Havia uma mãe que não sabia dizer "não" a um filho. Como não suportava as reclamações, birras e tumultos do menino queria atender a todas as suas necessidades e reivindicações. Mas nem sempre conseguia, e, para evitar trasntornos, ela prometia o que não podia cumprir. Tinha medo de frustar o filho.
Essa mãe não sabia que a frustação é importante para o processo de formação da persanalidade. Quem não aprende a lidar com perdas e frustações nunca irá amadurecwer.
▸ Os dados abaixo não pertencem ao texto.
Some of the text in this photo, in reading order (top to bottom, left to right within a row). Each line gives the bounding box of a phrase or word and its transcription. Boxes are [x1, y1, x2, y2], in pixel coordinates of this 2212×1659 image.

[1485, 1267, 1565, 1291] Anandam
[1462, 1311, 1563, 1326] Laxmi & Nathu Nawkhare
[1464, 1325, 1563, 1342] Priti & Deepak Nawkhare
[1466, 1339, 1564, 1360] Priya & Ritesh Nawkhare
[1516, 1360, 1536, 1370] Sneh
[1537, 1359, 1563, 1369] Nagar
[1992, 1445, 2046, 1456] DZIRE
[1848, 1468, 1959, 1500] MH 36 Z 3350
A mãe evitada transtornos momentâneos com o filho, mas não sabia que estava preparando uma armadilha emocional para ele. Qual foi o resultado?
Esse Filho perdeu o respeito pela mãe. Ele passou a manipulá-la, explorá-la e discutir intensamente com ela. A história é triste, pois o filho só valorizava a mãe pelo o que ela tinha e não pelo que ela era.
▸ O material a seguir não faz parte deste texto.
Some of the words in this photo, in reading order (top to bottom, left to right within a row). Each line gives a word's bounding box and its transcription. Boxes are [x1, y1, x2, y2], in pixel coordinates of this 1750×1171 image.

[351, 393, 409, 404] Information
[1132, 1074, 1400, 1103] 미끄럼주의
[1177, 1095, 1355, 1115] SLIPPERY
Na sua fase adulta, esse menino teve graves conflitos. Por ter passado a vida vendo a mãe dissimulando e não cumprindo a sua palavra, ele projetou no ambiente social uma desconfiança fatal. Desenvolveu uma emoção insegura e paranóica, achava que todo mundo queria enganá-lo e puxar o seu tapete. Tinha idéias de perseguição, não conseguia fazer amizades estáveis, nem parar nos empregos.
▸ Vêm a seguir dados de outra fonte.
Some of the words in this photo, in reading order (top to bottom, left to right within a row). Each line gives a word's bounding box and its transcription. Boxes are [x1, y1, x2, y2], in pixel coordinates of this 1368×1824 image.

As relações sociais são um contrato assinado no palco da vida. Não o quebre. Não dissimule suas reações. Seja honesto com os jovens. Não cometa esta falha capital. Cumpra o que prometer. Se não puder, diga "não" sem medo, mesmo que seu filho esperneie. E se você errar nessa área, volte atrás e peça desculpas. As falhas capitais na educação podem ser solucionadas quando corrigidas rapidamente. A confiança é um edifício de ser construído, fácil de ser demolido e muito difícil de ser reconstruído.